CRT monitors typically use more power than LCD monitors. They also contain significant amounts of lead. LCD monitors typically use a cold-cathode fluorescent bulb to provide light for the display. Some newer displays use an array of light-emitting diodes (LEDs) in place of the fluorescent bulb, which reduces the amount of electricity used by the display. Fluorescent back-lights also contain mercury, whereas LED back-lights do not.
Recycling computing equipment can keep harmful materials such as lead, mercury, and hexavalent chromium out of landfills, and can also replace equipment that otherwise would need to be manufactured, saving further energy and emissions. Computer systems that have outlived their particular function can be re-purposed, or donated to various charities and non-profit organizations. However, many charities have recently imposed minimum system requirements for donated equipment. Additionally, parts from outdated systems may be salvaged and recycled through certain retail outlets and municipal or private recycling centers. Computing supplies, such as printer cartridges, paper, and batteries may be recycled as well.

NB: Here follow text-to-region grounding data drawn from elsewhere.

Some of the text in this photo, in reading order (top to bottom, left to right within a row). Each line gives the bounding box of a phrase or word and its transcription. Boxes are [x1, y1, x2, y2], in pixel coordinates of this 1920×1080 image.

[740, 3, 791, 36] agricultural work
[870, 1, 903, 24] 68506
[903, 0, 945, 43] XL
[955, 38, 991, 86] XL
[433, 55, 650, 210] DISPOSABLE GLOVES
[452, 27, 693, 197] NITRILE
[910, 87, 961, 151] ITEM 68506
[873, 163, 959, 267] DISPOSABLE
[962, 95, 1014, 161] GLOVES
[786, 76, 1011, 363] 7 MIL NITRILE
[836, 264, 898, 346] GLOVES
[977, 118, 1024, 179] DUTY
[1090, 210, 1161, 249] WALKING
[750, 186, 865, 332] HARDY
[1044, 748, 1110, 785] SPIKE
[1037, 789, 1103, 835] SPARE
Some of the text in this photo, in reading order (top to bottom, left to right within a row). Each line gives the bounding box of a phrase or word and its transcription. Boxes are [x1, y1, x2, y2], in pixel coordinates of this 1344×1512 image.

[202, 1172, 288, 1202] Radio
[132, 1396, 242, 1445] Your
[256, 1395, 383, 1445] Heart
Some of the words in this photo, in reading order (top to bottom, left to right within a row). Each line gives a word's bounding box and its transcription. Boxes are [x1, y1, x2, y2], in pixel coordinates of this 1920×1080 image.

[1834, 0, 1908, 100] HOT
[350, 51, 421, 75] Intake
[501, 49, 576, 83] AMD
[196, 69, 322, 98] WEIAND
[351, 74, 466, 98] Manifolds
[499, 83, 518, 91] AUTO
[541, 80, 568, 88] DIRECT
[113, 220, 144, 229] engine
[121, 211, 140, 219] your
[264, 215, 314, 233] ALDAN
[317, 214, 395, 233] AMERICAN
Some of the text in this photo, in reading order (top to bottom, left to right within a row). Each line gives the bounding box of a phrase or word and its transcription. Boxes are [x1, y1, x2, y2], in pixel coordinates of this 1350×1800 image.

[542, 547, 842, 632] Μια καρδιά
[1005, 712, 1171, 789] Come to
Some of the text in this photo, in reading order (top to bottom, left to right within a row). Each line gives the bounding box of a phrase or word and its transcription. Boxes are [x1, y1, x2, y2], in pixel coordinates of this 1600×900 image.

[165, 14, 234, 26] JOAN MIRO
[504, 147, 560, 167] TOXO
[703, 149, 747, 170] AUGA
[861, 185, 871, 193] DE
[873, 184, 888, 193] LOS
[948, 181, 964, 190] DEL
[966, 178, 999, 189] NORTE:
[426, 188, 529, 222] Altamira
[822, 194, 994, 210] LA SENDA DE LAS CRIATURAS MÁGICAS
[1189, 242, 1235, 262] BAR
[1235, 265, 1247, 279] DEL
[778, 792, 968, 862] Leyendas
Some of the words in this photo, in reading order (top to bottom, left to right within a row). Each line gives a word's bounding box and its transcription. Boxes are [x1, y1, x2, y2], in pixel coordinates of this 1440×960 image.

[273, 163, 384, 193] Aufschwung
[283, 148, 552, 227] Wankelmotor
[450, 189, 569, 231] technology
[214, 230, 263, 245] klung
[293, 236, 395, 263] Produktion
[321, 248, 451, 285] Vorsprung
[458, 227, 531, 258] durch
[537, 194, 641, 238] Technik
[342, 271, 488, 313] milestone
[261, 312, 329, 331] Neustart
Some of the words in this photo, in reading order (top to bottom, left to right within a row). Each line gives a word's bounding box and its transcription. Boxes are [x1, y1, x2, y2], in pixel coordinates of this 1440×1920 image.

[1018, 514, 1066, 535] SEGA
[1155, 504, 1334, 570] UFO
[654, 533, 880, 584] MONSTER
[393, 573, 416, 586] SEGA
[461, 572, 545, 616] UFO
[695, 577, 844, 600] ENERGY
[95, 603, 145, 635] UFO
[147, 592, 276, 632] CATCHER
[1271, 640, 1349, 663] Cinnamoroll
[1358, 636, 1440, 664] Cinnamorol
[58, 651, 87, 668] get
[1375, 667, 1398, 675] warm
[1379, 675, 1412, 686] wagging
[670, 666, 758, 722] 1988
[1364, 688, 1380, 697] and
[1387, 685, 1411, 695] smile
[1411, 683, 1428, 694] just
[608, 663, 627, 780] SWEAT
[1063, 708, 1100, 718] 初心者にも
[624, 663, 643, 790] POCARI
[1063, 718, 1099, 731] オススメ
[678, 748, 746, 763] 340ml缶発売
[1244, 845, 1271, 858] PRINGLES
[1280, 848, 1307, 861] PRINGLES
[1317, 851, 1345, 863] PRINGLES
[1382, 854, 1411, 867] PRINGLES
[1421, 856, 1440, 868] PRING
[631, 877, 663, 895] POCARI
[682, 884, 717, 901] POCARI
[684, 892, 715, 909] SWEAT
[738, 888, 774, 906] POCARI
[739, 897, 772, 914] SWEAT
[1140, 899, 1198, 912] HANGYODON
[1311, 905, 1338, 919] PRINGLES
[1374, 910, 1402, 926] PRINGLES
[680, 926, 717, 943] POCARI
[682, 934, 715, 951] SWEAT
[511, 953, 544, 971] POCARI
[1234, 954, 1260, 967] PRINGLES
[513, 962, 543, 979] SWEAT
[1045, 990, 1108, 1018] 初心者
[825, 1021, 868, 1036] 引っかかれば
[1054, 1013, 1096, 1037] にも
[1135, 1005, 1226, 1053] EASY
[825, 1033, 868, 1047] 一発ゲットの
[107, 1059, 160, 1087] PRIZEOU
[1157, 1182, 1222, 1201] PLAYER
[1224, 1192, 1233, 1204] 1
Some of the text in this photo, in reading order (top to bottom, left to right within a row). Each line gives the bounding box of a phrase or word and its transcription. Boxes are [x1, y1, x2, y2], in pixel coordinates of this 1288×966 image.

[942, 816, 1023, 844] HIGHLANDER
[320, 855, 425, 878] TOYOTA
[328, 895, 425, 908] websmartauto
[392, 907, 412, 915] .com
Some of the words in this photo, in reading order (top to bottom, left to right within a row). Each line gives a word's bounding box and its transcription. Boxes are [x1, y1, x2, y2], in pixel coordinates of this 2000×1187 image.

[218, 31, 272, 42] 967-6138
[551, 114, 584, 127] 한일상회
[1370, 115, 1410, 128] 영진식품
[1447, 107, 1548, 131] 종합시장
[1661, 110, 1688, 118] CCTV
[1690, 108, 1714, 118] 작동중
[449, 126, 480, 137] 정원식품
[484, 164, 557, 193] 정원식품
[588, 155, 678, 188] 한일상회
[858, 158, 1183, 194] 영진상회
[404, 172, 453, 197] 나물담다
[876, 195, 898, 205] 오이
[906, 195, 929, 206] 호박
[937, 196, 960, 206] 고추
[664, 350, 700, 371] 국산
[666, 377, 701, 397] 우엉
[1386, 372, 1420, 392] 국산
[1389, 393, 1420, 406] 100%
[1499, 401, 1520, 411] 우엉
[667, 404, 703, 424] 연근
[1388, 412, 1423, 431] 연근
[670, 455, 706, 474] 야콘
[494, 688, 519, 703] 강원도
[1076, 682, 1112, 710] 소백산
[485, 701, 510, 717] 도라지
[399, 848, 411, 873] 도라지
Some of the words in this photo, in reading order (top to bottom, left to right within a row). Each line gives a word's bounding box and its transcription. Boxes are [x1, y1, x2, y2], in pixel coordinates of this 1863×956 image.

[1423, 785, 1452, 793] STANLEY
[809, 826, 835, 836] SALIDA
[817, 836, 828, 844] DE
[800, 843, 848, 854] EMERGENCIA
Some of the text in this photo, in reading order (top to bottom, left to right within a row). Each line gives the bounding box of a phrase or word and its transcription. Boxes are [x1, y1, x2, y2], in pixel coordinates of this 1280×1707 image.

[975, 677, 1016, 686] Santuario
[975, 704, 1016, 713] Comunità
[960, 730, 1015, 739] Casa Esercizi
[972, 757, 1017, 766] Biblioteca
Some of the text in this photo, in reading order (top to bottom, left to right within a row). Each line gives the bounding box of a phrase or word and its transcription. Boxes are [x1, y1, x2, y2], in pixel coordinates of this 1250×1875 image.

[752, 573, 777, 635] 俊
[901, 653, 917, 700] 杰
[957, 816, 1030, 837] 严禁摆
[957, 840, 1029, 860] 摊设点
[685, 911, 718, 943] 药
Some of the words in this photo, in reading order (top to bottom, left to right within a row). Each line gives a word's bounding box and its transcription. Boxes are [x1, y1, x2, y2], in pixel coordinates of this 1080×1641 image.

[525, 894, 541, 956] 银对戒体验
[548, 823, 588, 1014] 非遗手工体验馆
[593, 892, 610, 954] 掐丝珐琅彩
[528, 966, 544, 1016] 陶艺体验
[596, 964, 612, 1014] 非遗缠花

A drawback to many of these schemes is that computers gathered through recycling drives are often shipped to developing countries where environmental standards are less strict than in North America and Europe. The Silicon Valley Toxics Coalition estimates that 80% of the post-consumer e-waste collected for recycling is shipped abroad to countries such as China and Pakistan.
In 2011, the collection rate of e-waste is still very low, even in the most ecology-responsible countries like France. In this country, e-waste collection is still at a 14% annual rate between electronic equipment sold and e-waste collected for 2006 to 2009.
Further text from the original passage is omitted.